Лебина Наталья Борисовна

Шрифт:

После окончания Великой Отечественной войны, еще в условиях действия карточной системы, властные структуры стали настойчиво возрождать нормы большого стиля в сфере одежды. Первоначально был воссоздан московский Дом моделей. Уже в 1945 году его модельеры спроектировали около тысячи образцов одежды, которые должны были внедряться в производство. Для этого московский Дом моделей одежды преобразовали в центральный (ЦДМ), а затем, в 1948–1949 годах, – в общесоюзный (ОДМ). Издаваемый им «Журнал мод», возобновленный в 1948 году, имел тираж 22 000 экземпляров и недвусмысленную стилистику пропаганды роскоши в одежде в соответствии с официальными нормами большого стиля. В других городах страны тоже стали создавать учреждения, призванные формировать вкусы и стиль населения в соответствии с общими указаниями модельеров центра. В конце 1940-х годов открылись рижский, таллинский, киевский Дома моделей. Первоначально они были очень небольшими: киевский, например, долгое время размещался в скромном трехкомнатном помещении. В 1949 году модельеры ОДМ создали уже 2500 моделей, а в 1950-м – почти 3000 427 . Правда, вне столицы каноны моды внедрялись медленнее. Даже в Ленинграде, где Дом моделей появился уже в 1945 году, художники ежегодно разрабатывали всего лишь по 500 новых образцов одежды, в число которых входило также верхнее платье и головные уборы 428 .
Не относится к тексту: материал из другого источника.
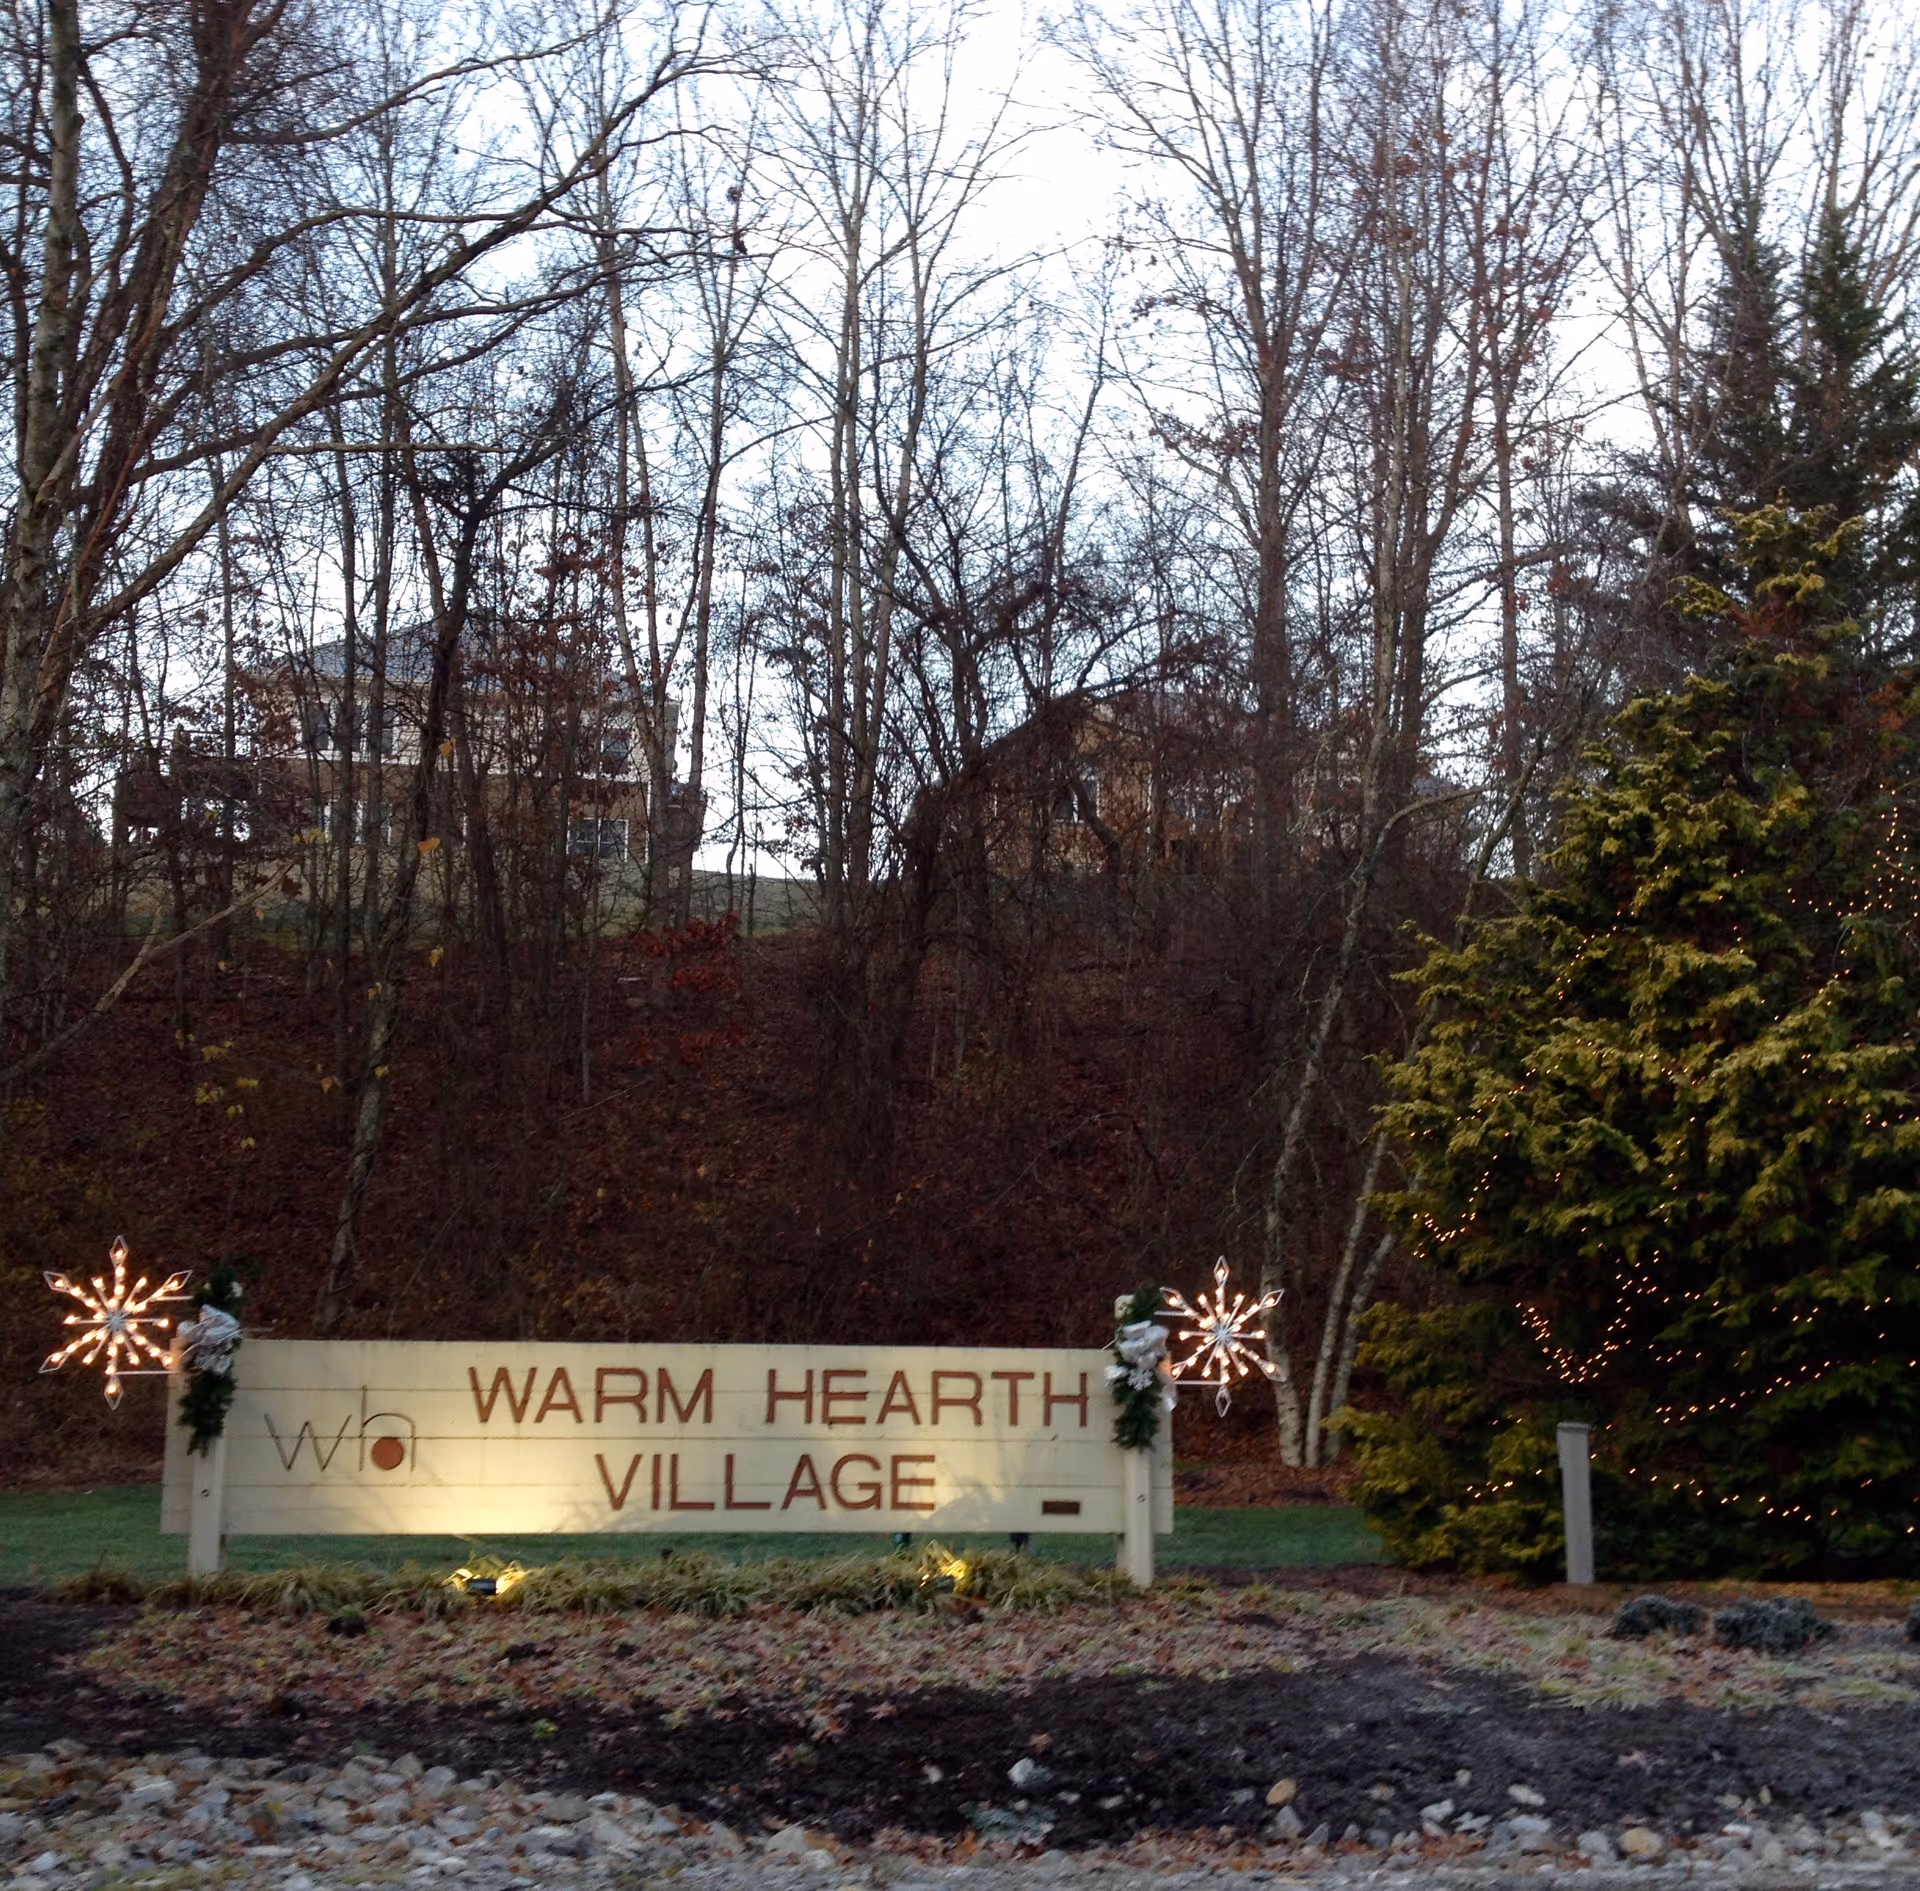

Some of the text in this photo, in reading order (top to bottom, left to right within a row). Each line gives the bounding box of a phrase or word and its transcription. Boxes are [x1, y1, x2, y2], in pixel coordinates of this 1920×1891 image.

[468, 1366, 1088, 1427] WARM HEARTH
[594, 1452, 936, 1511] VILLAGE
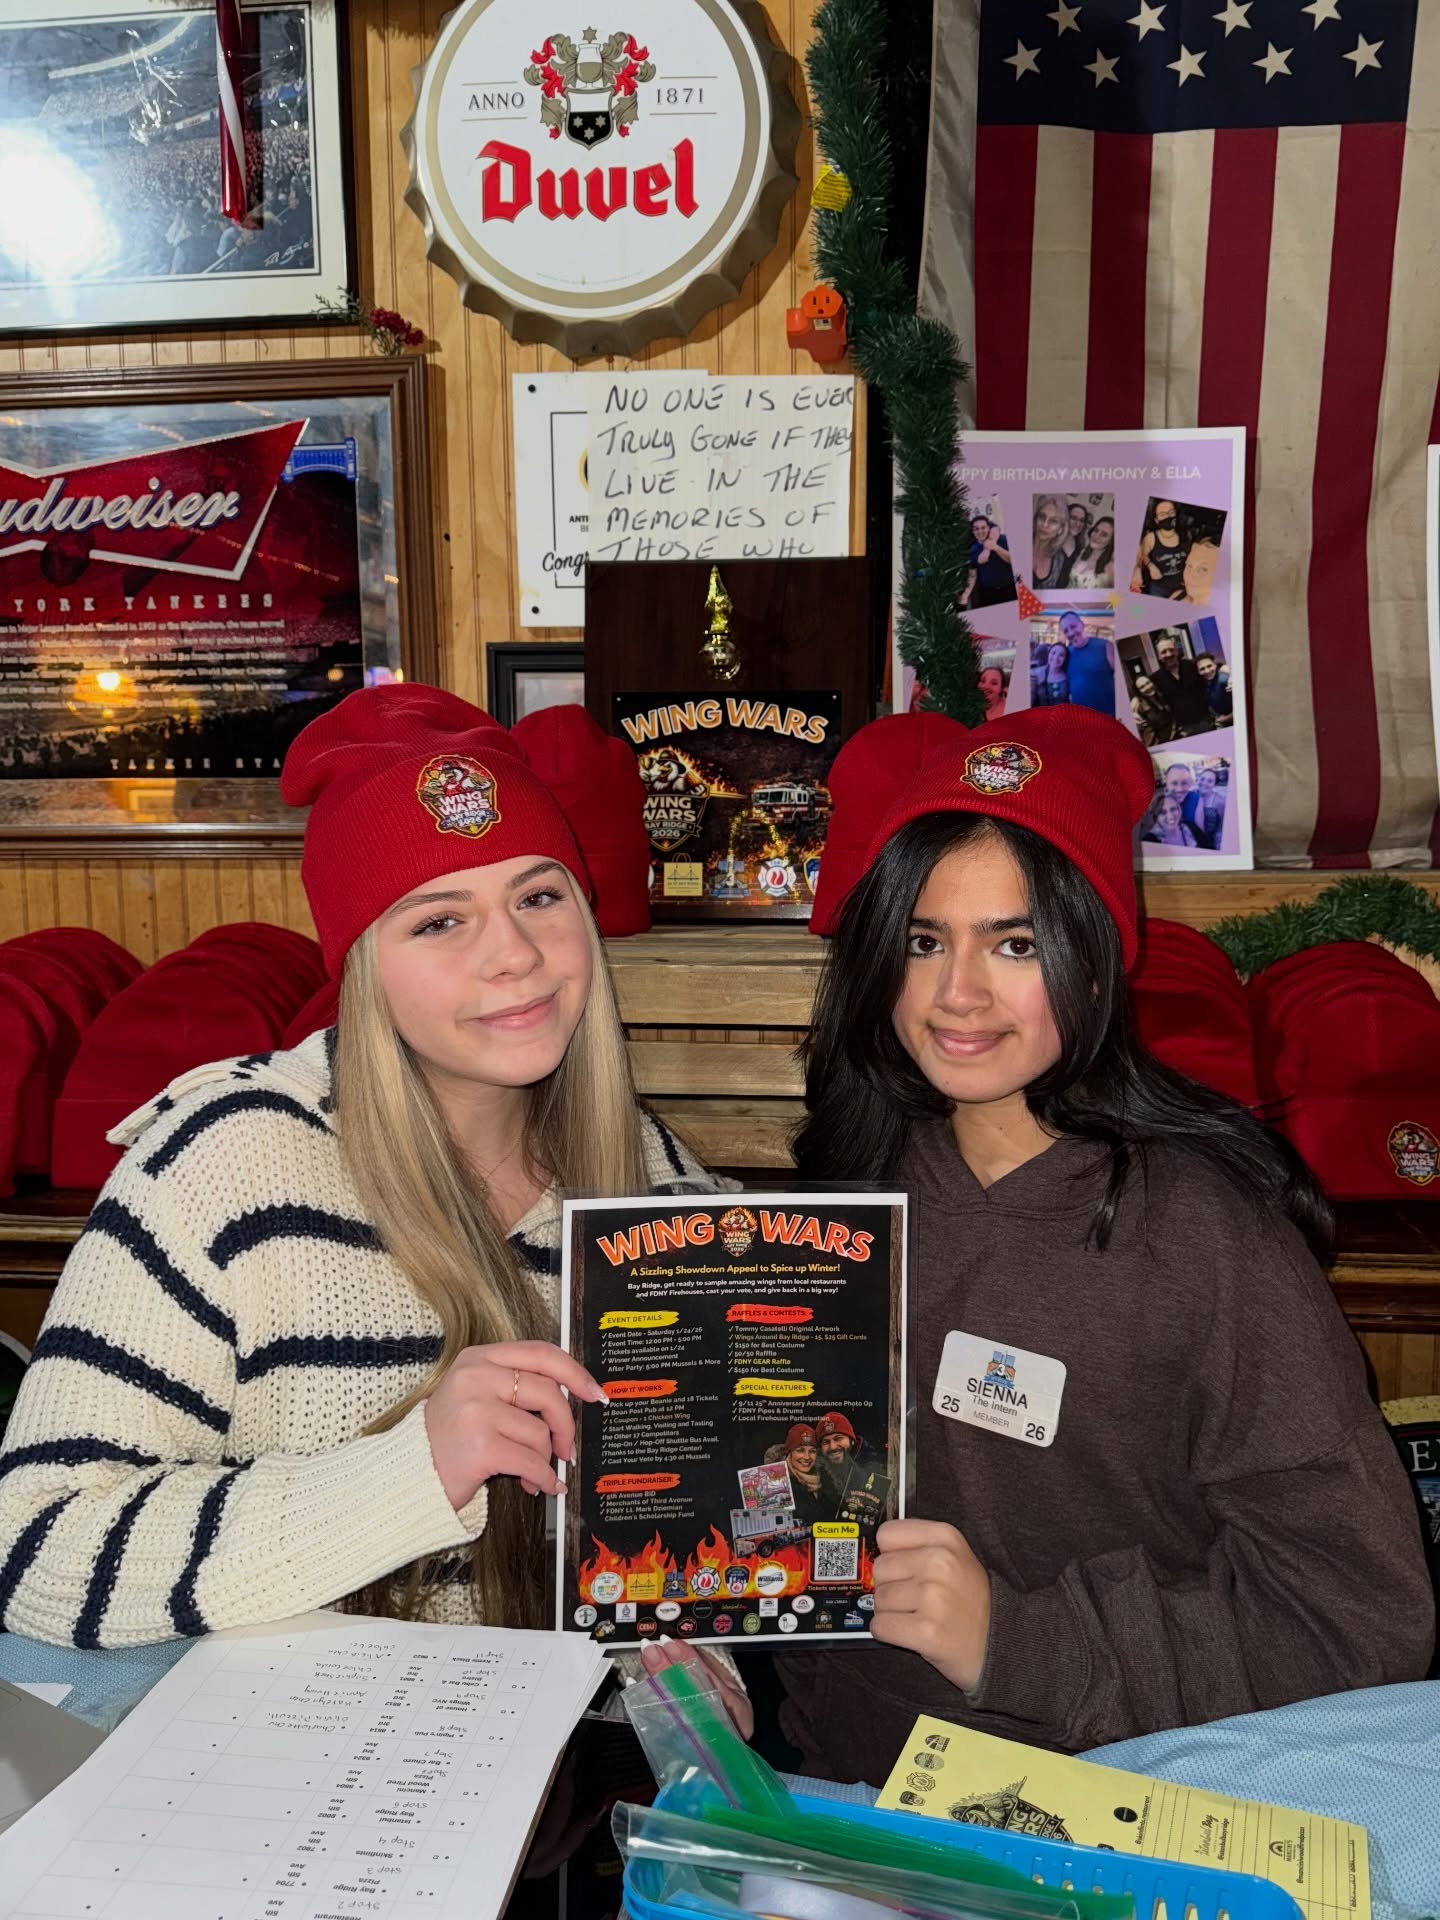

При своей нарочитой гламурности советская высокая мода в годы послевоенного сталинизма не поспевала за новыми тенденциями, пропагандируемыми мировыми центрами «от-кутюр». Особенно это ощущалось в мужской одежде, каноны которой в целом отличаются консерватизмом. Здесь и накануне смерти И.В. Сталина преобладал стиль, сформировавшийся еще в 1930-е годы.

427

Подробнее см.: Гронов Ю., Журавлев С. Власть моды и Советская власть.

428

ЦГА СПб Ф. 2071. Оп. 8. Д. 716. Л. 1.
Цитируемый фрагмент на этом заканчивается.